The clinical framing of psychic trauma as PTSD has reshaped American foreign policy discourse over the past fifty years, with important temporal and ethical consequences.
🧭 Research Design: Historical Records and Five Decades of Policy Speech
- Mixed-methods approach combining historical analysis of PTSD's clinical development with quantitative and qualitative analysis of policy texts.
- Sources include presidential papers, presidential debates, and the Congressional Record covering the last fifty years.
- Notes the diagnostic milestone that PTSD was added to the DSM in 1980.
🔎 Key Finding 1: When PTSD Entered Political Conversation
- Although PTSD became a formal diagnosis in 1980, American political leaders only began commonly referencing the disorder around the 2008 presidential cycle—more than half a decade into the War on Terror.

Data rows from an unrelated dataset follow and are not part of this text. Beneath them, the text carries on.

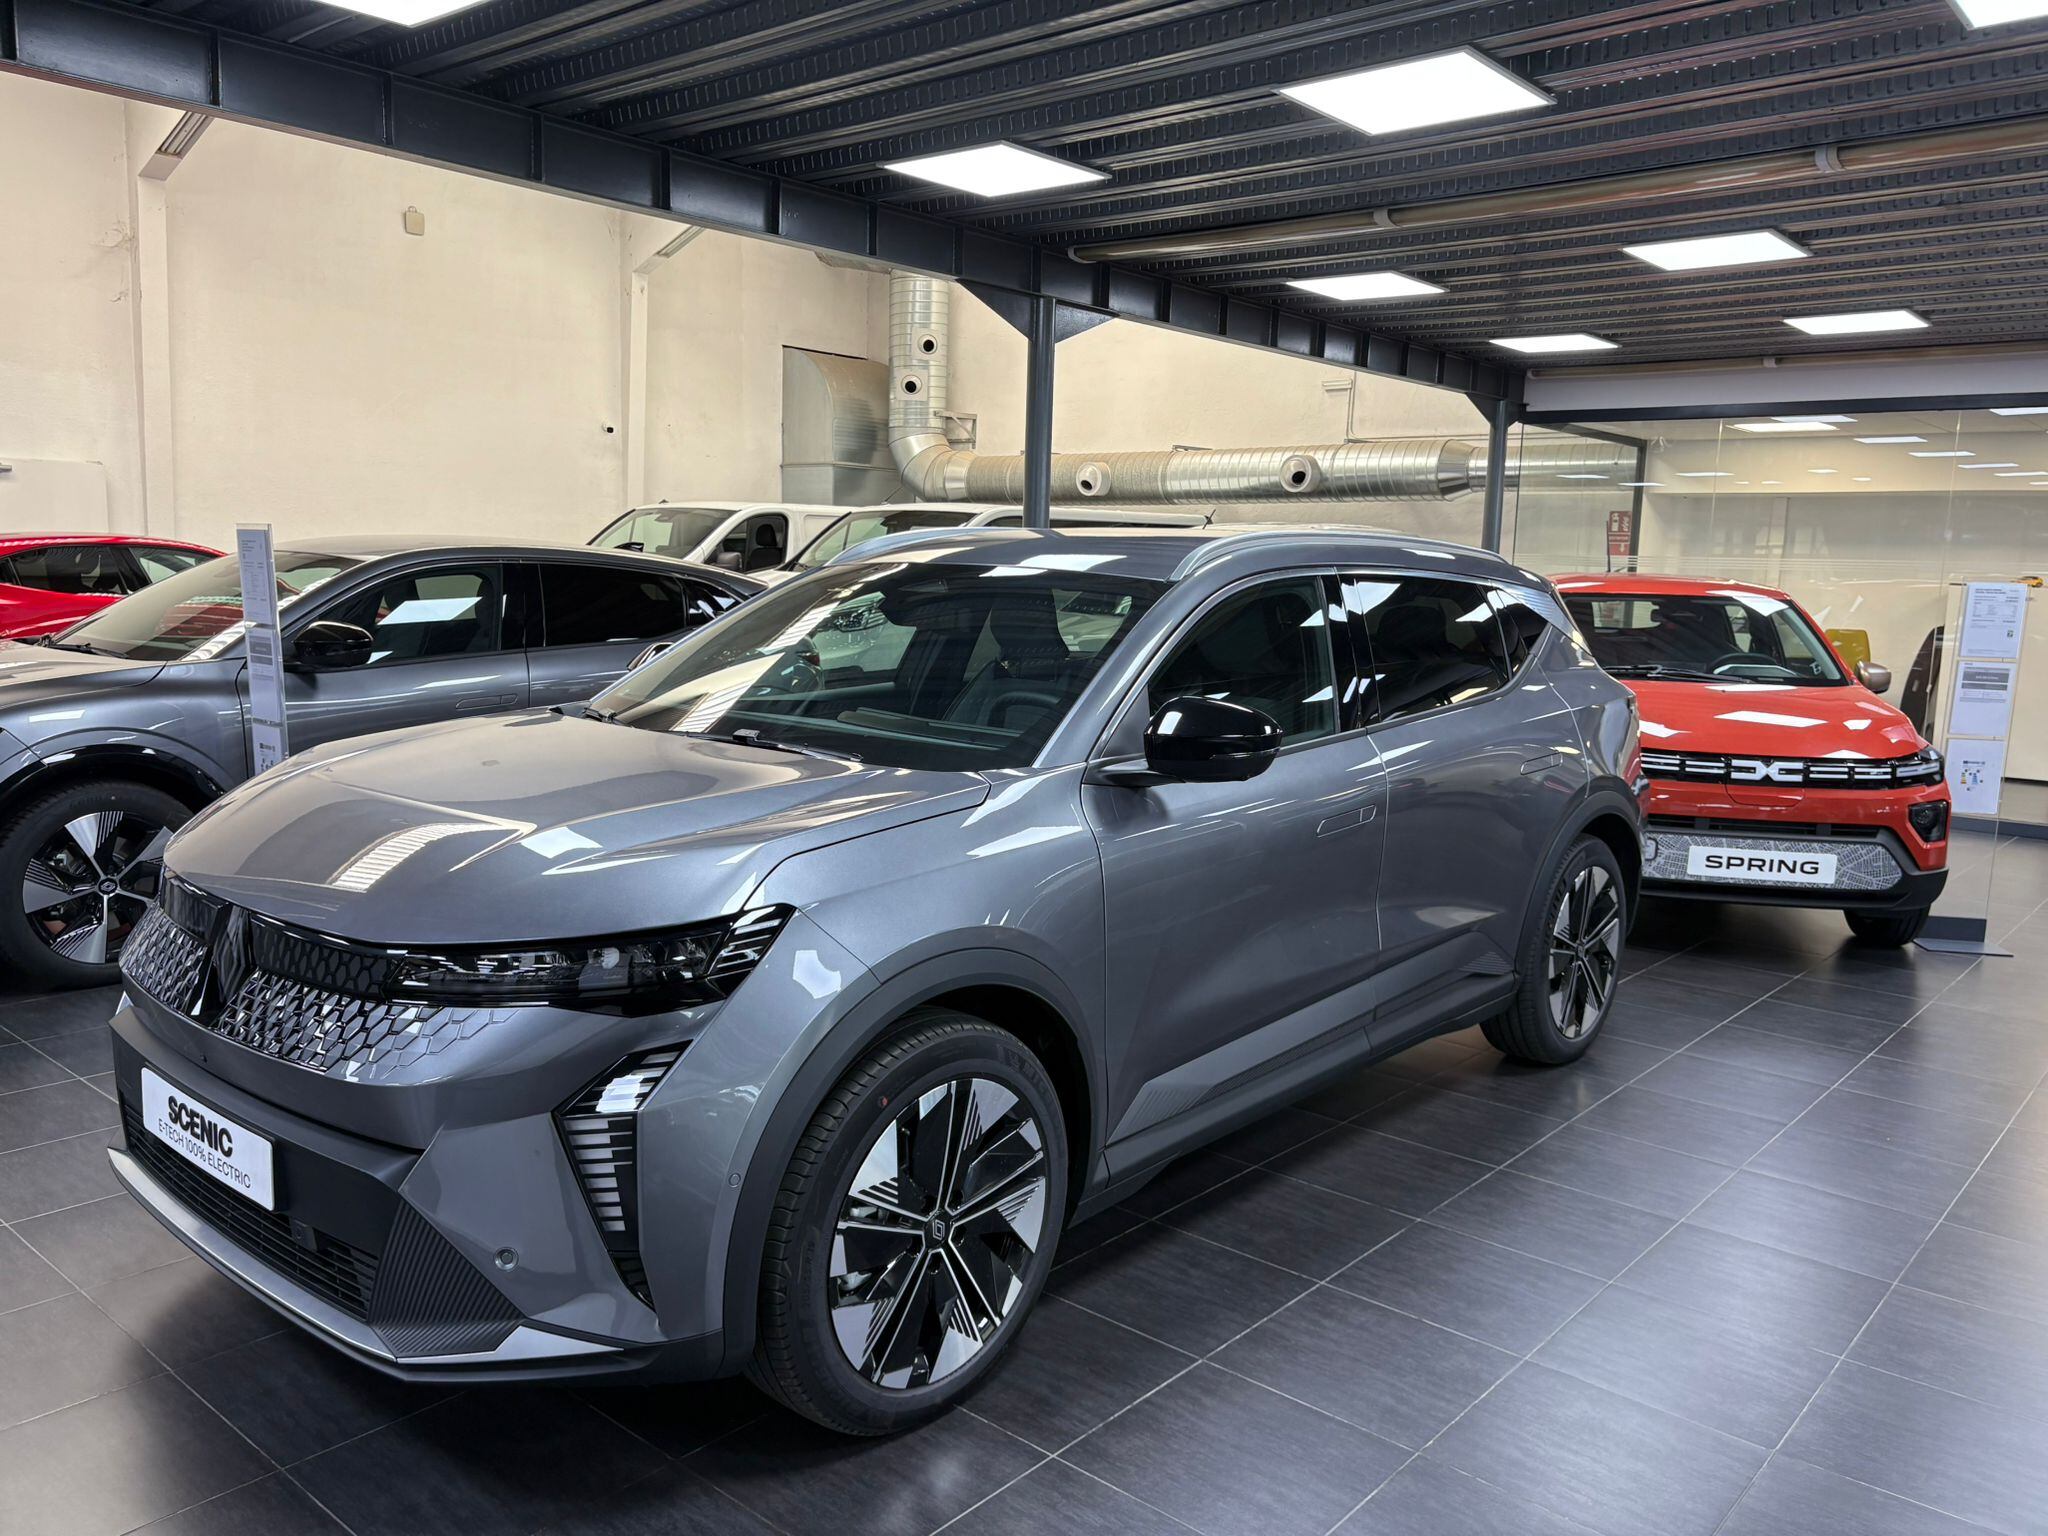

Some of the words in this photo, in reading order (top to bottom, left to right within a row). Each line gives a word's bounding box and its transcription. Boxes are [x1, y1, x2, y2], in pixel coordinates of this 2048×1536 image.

[1705, 855, 1820, 875] SPRING
[158, 1118, 184, 1148] E-TECH
[185, 1136, 207, 1162] 100%
[208, 1151, 251, 1189] ELECTRIC
[168, 1095, 233, 1158] SCENIC

⚖️ Key Finding 2: PTSD's Effect on the Conceptual Boundaries of War
- Critical discourse analysis shows increased attention to PTSD has blurred spatiotemporal lines around the concept of war.
- That blurring extends war’s consequences into an uncertain future and beyond the physical war zone.
- The erosion also undermines the ethical distinction between victim and perpetrator, producing significant normative consequences for policy and public debate.
🌍 Why It Matters: Policy and Conceptual Implications
- These findings document an evolution in American foreign policy discourse and highlight broader conceptual challenges posed by war trauma, especially concerning how suffering, responsibility, and moral categories are framed in post-conflict politics.